US District Judge Jon Tigar said that shareholders can continue with a lawsuit that alleged that top Wells Fargo officials ignored the issue as sales employees faced “unrelenting” pressure to meet quotas, prompting many to open phony customer accounts. The lawsuit also claims the bank’s top execs misled the public about fraudulent practices, according to a Reuters report.

“Where, as here, plaintiffs’ claims arise from a pervasive and undisputed fraud going to the core of the company’s business, it is reasonable to infer senior executives knew about, or at least recklessly turned a blind eye to, the stream of red flags,” Tigar wrote in his decision.

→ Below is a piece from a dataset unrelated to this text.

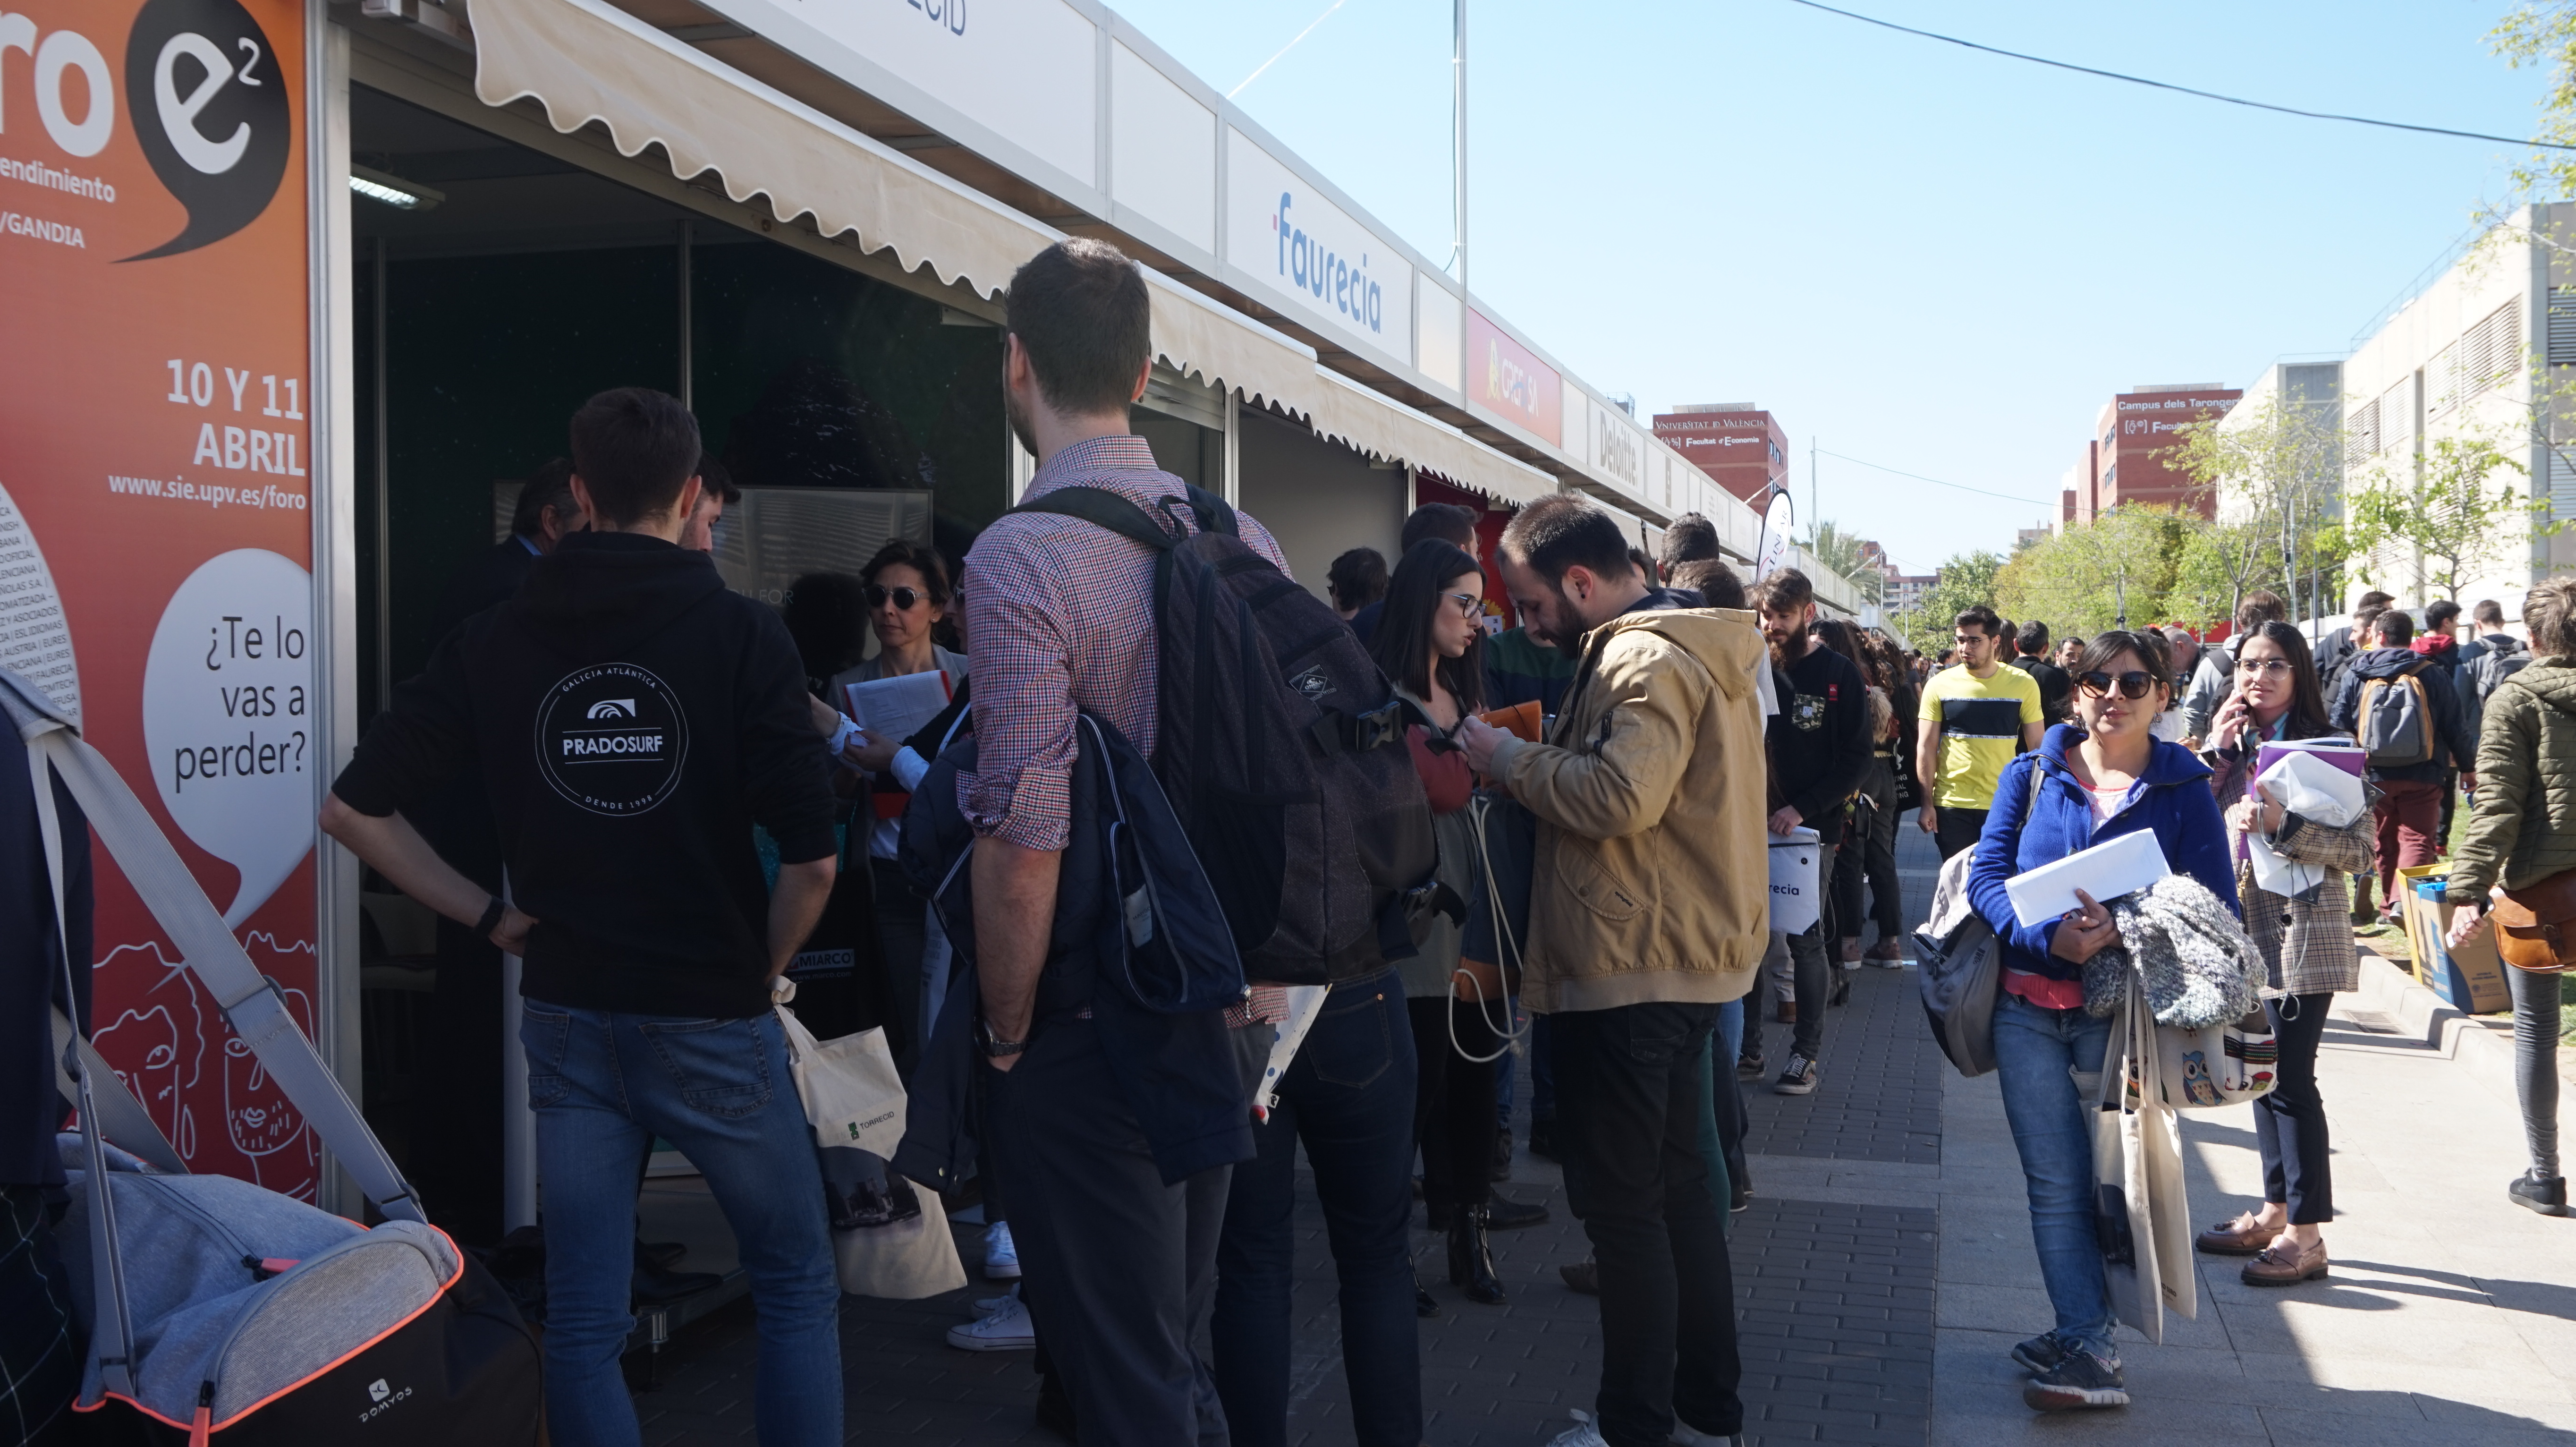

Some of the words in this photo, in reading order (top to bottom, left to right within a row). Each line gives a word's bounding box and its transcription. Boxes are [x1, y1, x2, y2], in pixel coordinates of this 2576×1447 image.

There were plenty of issues to raise red flags. Wells Fargo has been rocked by one scandal after another since news broke last year that it had opened millions of phony customer accounts. Since then, it has been revealed that the bank made mortgage modifications without borrowers’ knowledge or consent, added unnecessary insurance to the car loans of hundreds of thousands of customers, and charged mortgage borrowers rate-lock extension fees for delays that were the bank’s own fault.

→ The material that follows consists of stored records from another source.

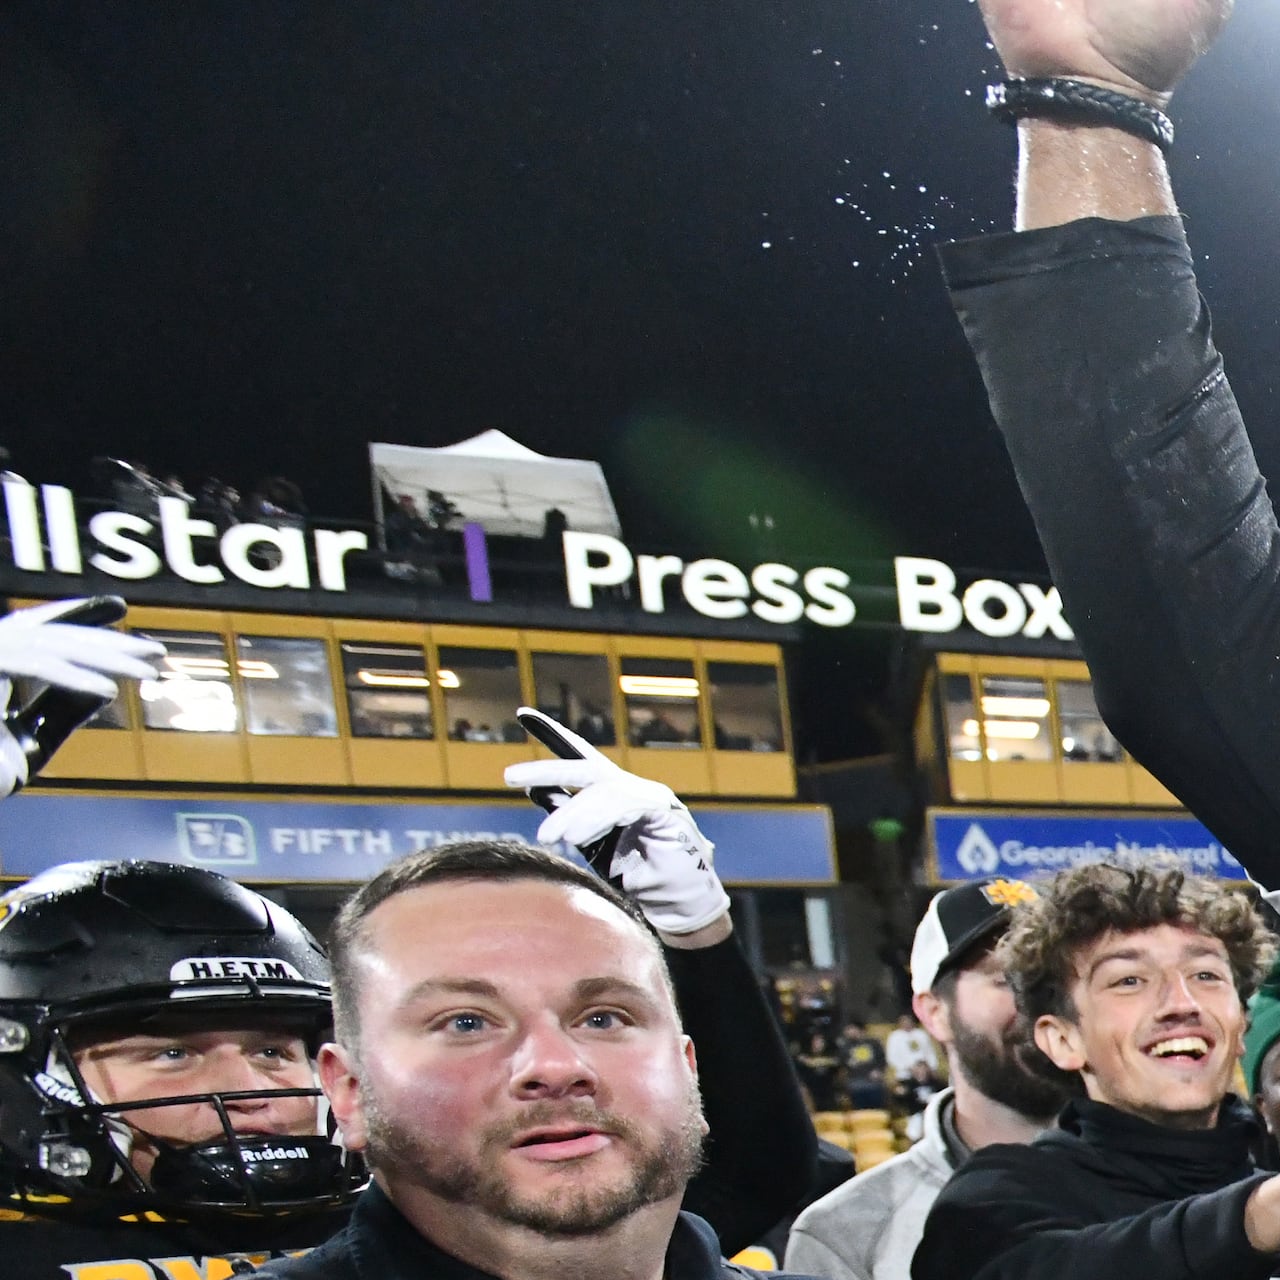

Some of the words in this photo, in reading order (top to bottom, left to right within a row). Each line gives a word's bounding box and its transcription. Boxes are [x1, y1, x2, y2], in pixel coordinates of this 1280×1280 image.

[562, 531, 856, 628] Press
[895, 556, 1074, 641] Box
[269, 827, 394, 855] FIFTH
[241, 1147, 309, 1163] Riddell
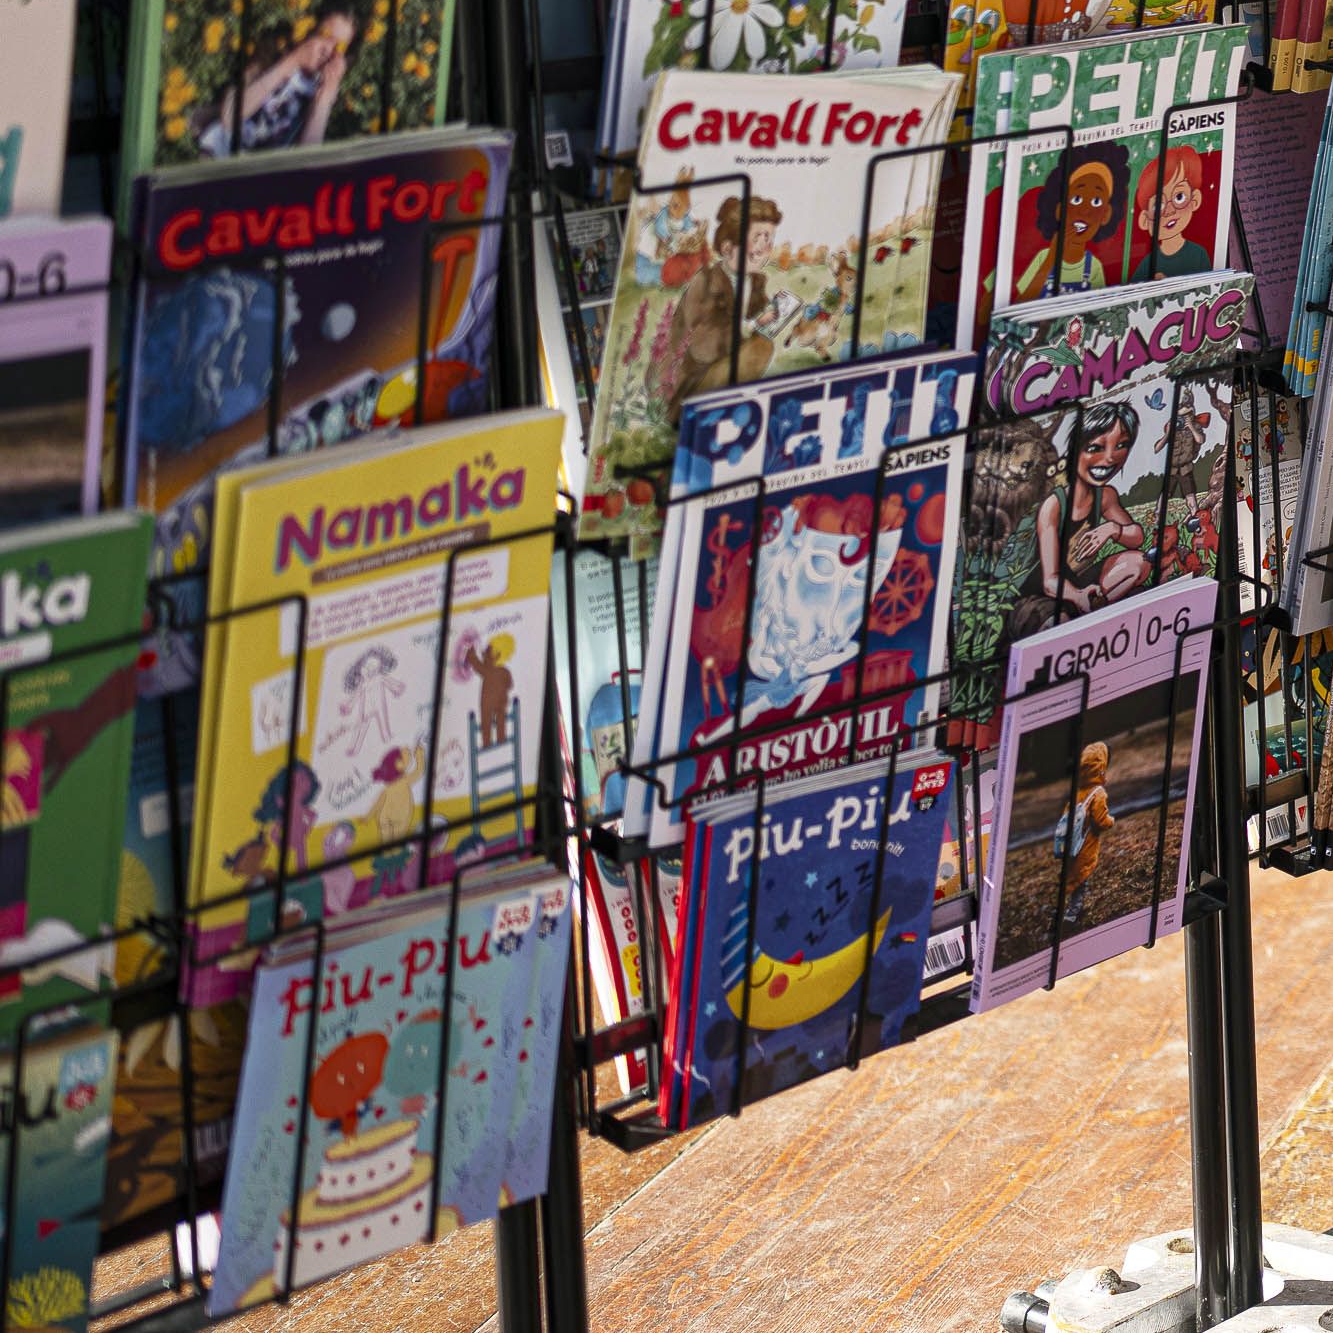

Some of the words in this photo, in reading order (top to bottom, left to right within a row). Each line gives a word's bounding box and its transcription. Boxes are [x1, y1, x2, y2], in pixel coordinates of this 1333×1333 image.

[657, 99, 819, 151] Cavall
[821, 103, 923, 147] Fort
[1013, 27, 1250, 139] PETIT
[1169, 110, 1226, 134] SÀPIENS
[159, 182, 354, 271] Cavall
[366, 168, 487, 231] Fort
[1014, 289, 1247, 415] CAMACUC
[692, 353, 977, 492] PETIT
[277, 466, 525, 572] Namaka
[1052, 623, 1130, 681] GRAÓ
[1145, 607, 1191, 645] 0-6
[803, 758, 835, 777] volia

Tigar said in his ruling that in the “unlikely” event that Sloan didn’t know about the bank’s various questionable practices before 2013, when he was chief financial officer, he was “certainly aware of these issues” by December of 2013, when he told the Los Angeles Times that he was “not aware of any overbearing sales culture.”

Wells Fargo spokesman Peter Gilchrist told Reuters that the bank was taking “decisive steps” to rebuild trust from shareholders, employees and customers, but that it would “advocate strongly for our positions before the courts.”